However, the one thing many refuse to acknowledge is that younger generations of comic creators--many seeming "liberal" either in action or speech--do not appear to know how to write characters of color--African Americans in particular , unless it is the media stereotype many with a post-Hip Hop sensibility, delivering lines like someone from a 20 year old Spike Lee movie, or random BET sitcoms. Any other character with such a strong introduction as John Stewart should have that as a springboard to move the character through time, growing into a fleshed out entity, but that never happened with JS.
Agreed. I tried to make this point earlier in the thread, but I think you made it better.
This article seems off to me. DC has made a lot of attempts in the last ten years to diversify its cast. The new Atom, Blue Beetle, and Firestorm are all examples of this.

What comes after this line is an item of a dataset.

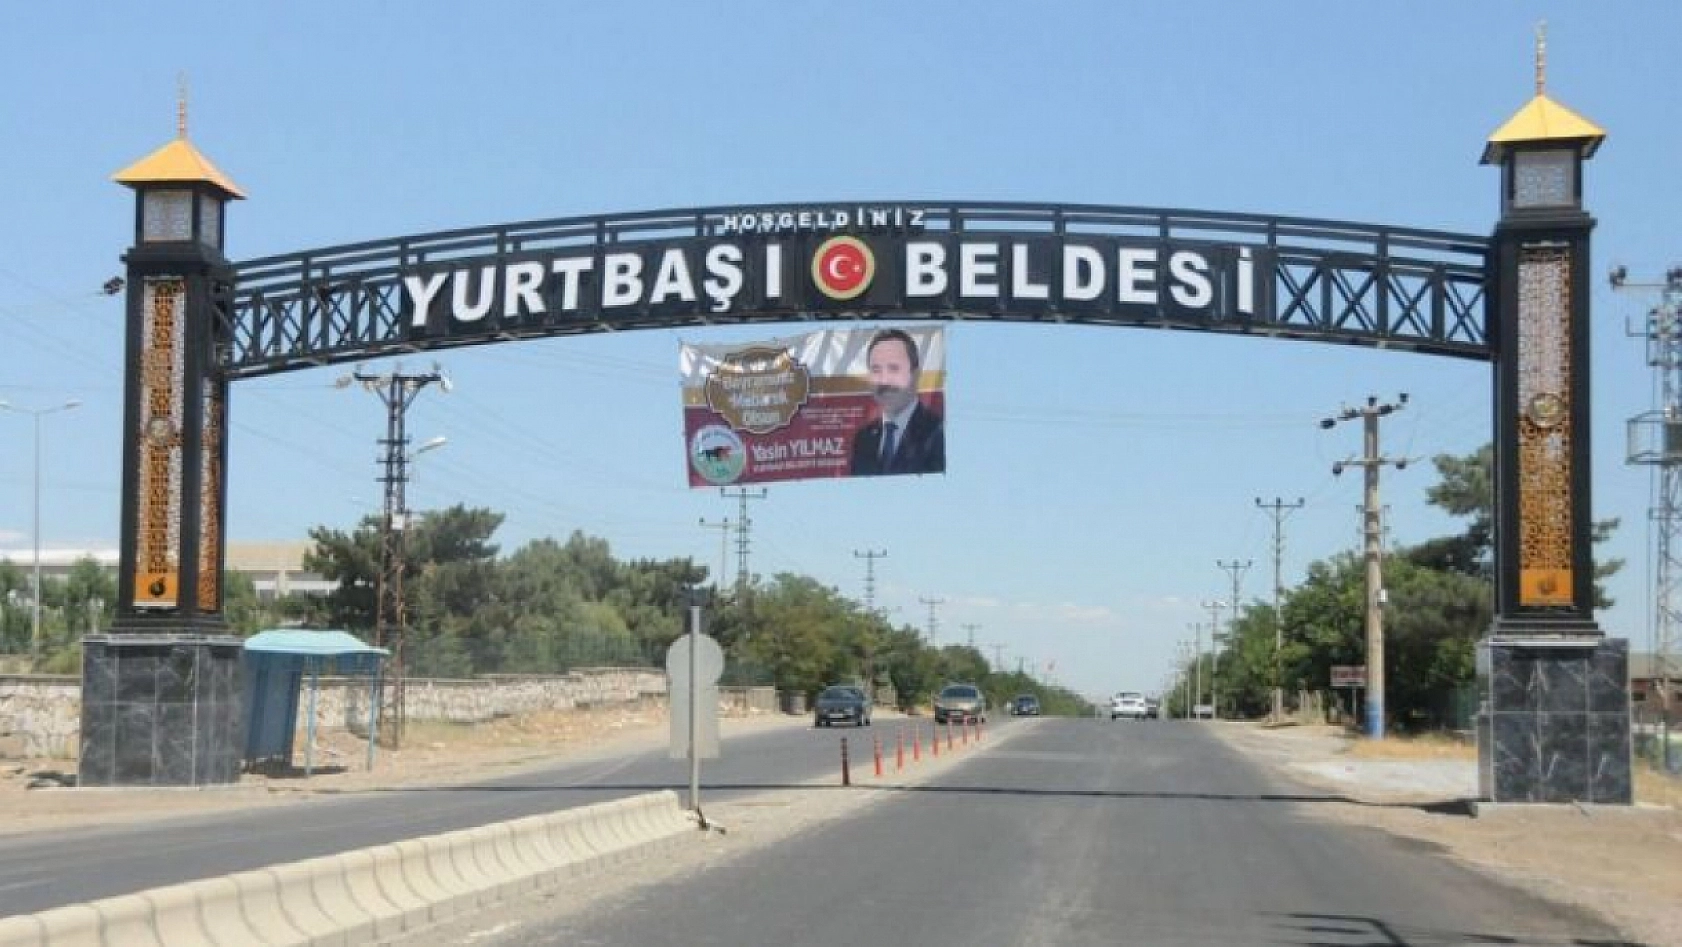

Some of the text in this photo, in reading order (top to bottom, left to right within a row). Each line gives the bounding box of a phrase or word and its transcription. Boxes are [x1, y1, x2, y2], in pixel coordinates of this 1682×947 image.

The new 52 started with a number of titles with non-white male leads. Static Shock, Blue Beetle, Batwing, Batwoman, Mister Terrific, and VooDoo were all examples of this. How many of these are still around?

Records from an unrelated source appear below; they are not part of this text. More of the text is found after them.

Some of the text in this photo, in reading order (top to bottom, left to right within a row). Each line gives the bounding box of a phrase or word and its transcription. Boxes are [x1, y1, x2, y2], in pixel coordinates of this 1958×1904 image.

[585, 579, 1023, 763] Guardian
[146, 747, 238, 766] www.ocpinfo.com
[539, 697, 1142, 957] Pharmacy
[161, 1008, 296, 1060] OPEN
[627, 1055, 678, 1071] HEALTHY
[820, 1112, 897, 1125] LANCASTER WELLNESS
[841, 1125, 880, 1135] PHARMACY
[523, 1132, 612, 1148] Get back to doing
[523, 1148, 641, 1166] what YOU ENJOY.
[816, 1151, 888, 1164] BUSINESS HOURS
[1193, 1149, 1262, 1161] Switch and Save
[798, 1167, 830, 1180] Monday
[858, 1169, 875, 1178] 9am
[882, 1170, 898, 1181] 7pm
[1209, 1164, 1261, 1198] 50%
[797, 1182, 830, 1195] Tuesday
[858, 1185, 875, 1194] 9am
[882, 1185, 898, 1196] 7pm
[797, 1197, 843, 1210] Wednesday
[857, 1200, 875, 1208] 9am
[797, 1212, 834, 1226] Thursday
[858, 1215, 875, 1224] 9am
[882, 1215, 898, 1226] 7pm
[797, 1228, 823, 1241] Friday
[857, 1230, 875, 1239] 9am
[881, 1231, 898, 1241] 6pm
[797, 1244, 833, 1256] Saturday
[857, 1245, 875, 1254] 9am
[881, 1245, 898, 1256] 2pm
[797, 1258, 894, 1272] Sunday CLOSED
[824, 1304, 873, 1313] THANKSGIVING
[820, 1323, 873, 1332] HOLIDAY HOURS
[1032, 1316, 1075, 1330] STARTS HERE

But, are they not around because they starred non-white and/or non-male leads or because of their quality? As I said, I tried Blue Beetle
and dropped it because I personally thought it wasn't well written.
The few reviews of some of the other titles I'd read seemed to agree that Mister Terrific
were not that great. I liked Batwoman
, but it suffered when compared to Greg Rucka's run with the character in Detective Comics
Of course, this raises the issue of whether or not DC purposely put their more popular, higher level talent on their more "mainstream" titles and their second or lower tier writers on titles like these.